» **Supplied records**
==================================================

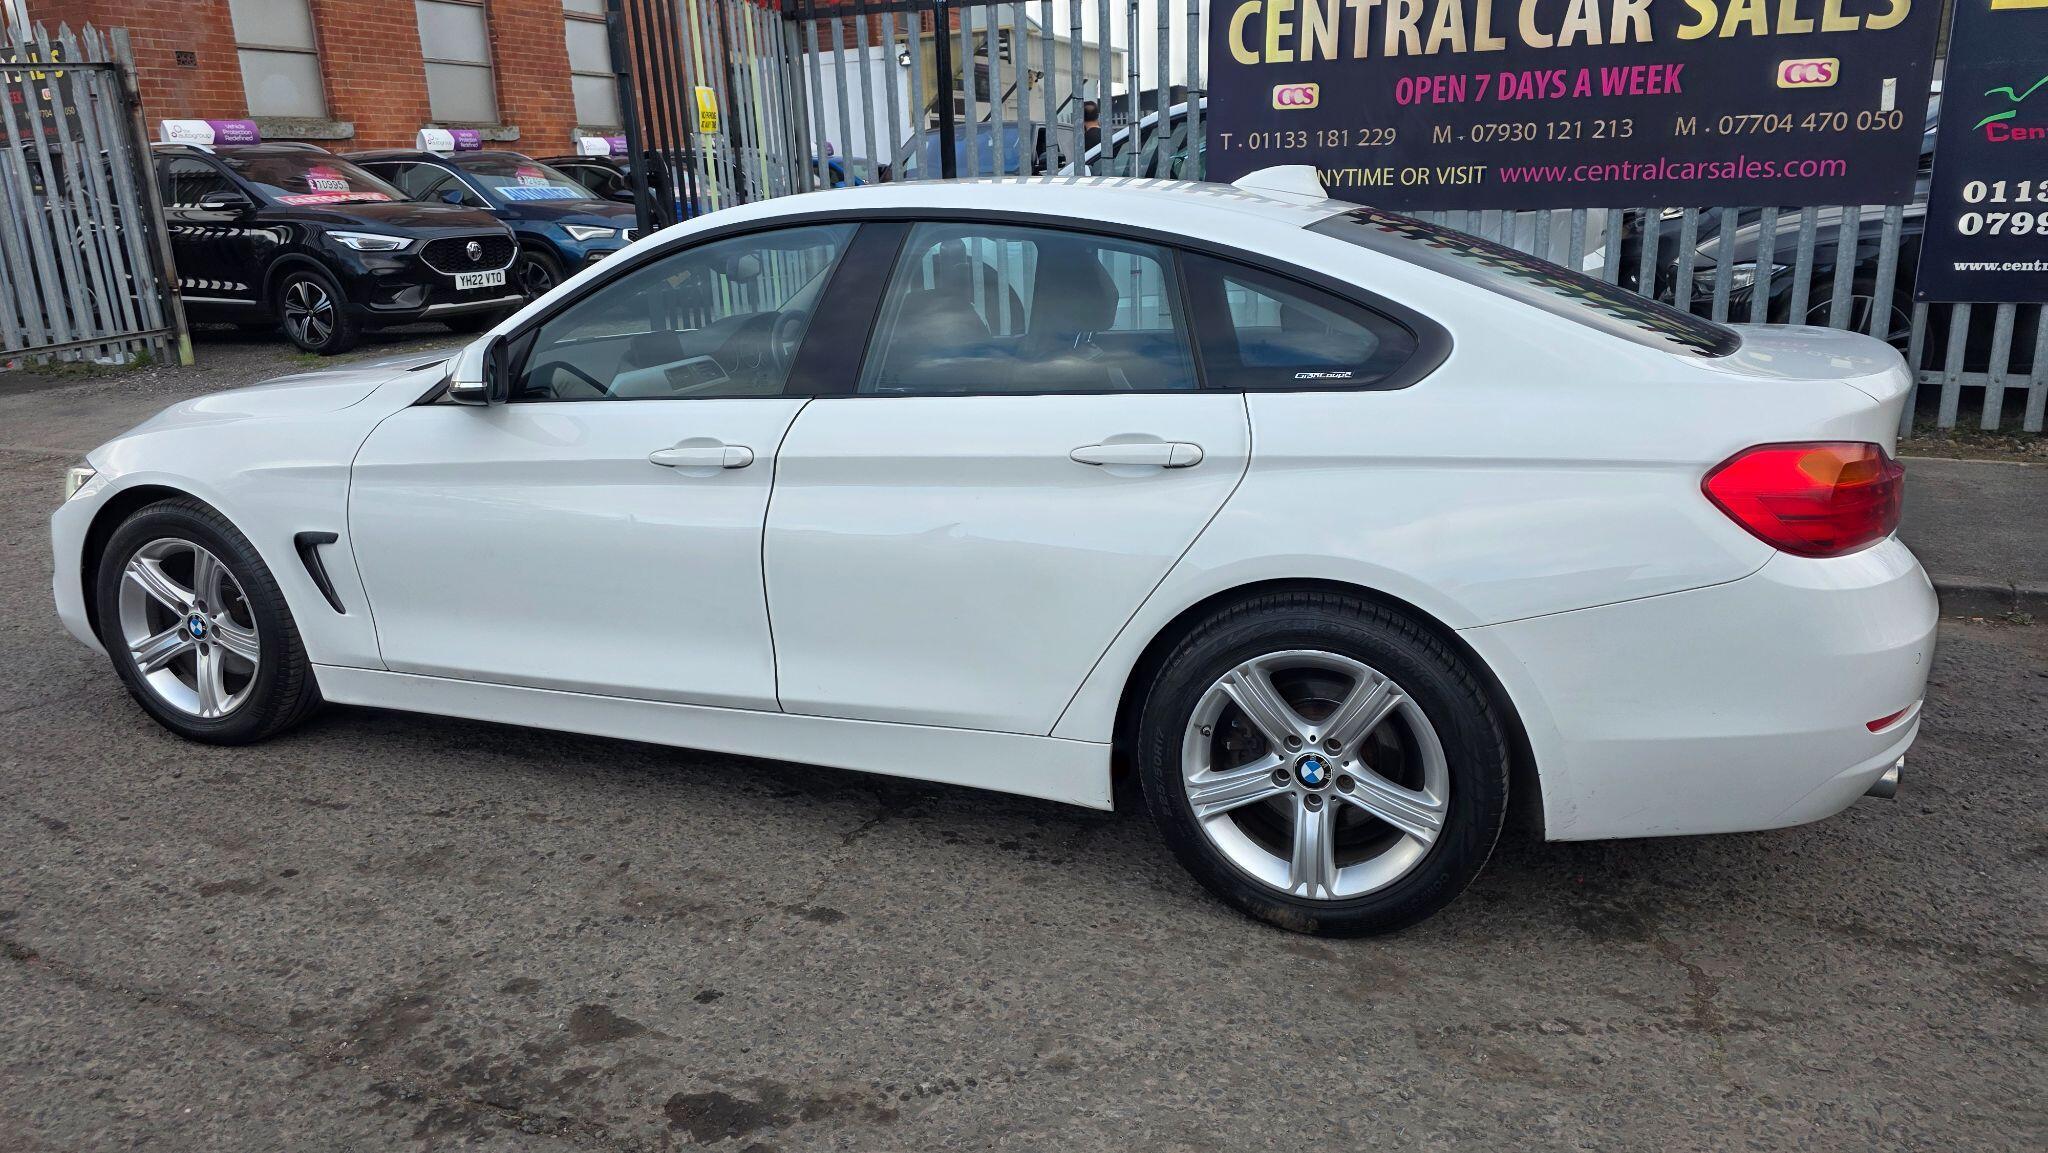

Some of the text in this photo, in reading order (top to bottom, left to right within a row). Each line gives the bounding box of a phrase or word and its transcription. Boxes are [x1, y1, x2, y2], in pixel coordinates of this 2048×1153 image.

==================================================

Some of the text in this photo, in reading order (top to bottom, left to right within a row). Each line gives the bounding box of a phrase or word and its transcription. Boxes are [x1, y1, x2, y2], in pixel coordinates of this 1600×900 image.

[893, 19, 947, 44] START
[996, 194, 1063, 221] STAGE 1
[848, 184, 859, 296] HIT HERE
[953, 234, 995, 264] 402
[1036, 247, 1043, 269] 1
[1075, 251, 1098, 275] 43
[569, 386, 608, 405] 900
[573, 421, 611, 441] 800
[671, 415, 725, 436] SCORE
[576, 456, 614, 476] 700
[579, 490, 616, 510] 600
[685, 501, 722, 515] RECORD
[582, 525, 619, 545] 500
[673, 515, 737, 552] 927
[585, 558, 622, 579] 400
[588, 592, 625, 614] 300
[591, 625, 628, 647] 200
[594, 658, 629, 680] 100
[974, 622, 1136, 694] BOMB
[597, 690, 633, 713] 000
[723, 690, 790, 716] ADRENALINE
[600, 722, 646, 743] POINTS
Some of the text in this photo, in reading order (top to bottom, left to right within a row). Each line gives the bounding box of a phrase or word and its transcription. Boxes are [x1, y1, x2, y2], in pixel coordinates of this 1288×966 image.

==================================================

» **Task requirements**
Retype the portion of the data above that starts on the line with "this 1600×900 image." and finishes on the line with "this 1288×966 image.", including both of those lines.

» **Answer box**
Some of the text in this photo, in reading order (top to bottom, left to right within a row). Each line gives the bounding box of a phrase or word and its transcription. Boxes are [x1, y1, x2, y2], in pixel coordinates of this 1600×900 image.

[893, 19, 947, 44] START
[996, 194, 1063, 221] STAGE 1
[848, 184, 859, 296] HIT HERE
[953, 234, 995, 264] 402
[1036, 247, 1043, 269] 1
[1075, 251, 1098, 275] 43
[569, 386, 608, 405] 900
[573, 421, 611, 441] 800
[671, 415, 725, 436] SCORE
[576, 456, 614, 476] 700
[579, 490, 616, 510] 600
[685, 501, 722, 515] RECORD
[582, 525, 619, 545] 500
[673, 515, 737, 552] 927
[585, 558, 622, 579] 400
[588, 592, 625, 614] 300
[591, 625, 628, 647] 200
[594, 658, 629, 680] 100
[974, 622, 1136, 694] BOMB
[597, 690, 633, 713] 000
[723, 690, 790, 716] ADRENALINE
[600, 722, 646, 743] POINTS
Some of the text in this photo, in reading order (top to bottom, left to right within a row). Each line gives the bounding box of a phrase or word and its transcription. Boxes are [x1, y1, x2, y2], in pixel coordinates of this 1288×966 image.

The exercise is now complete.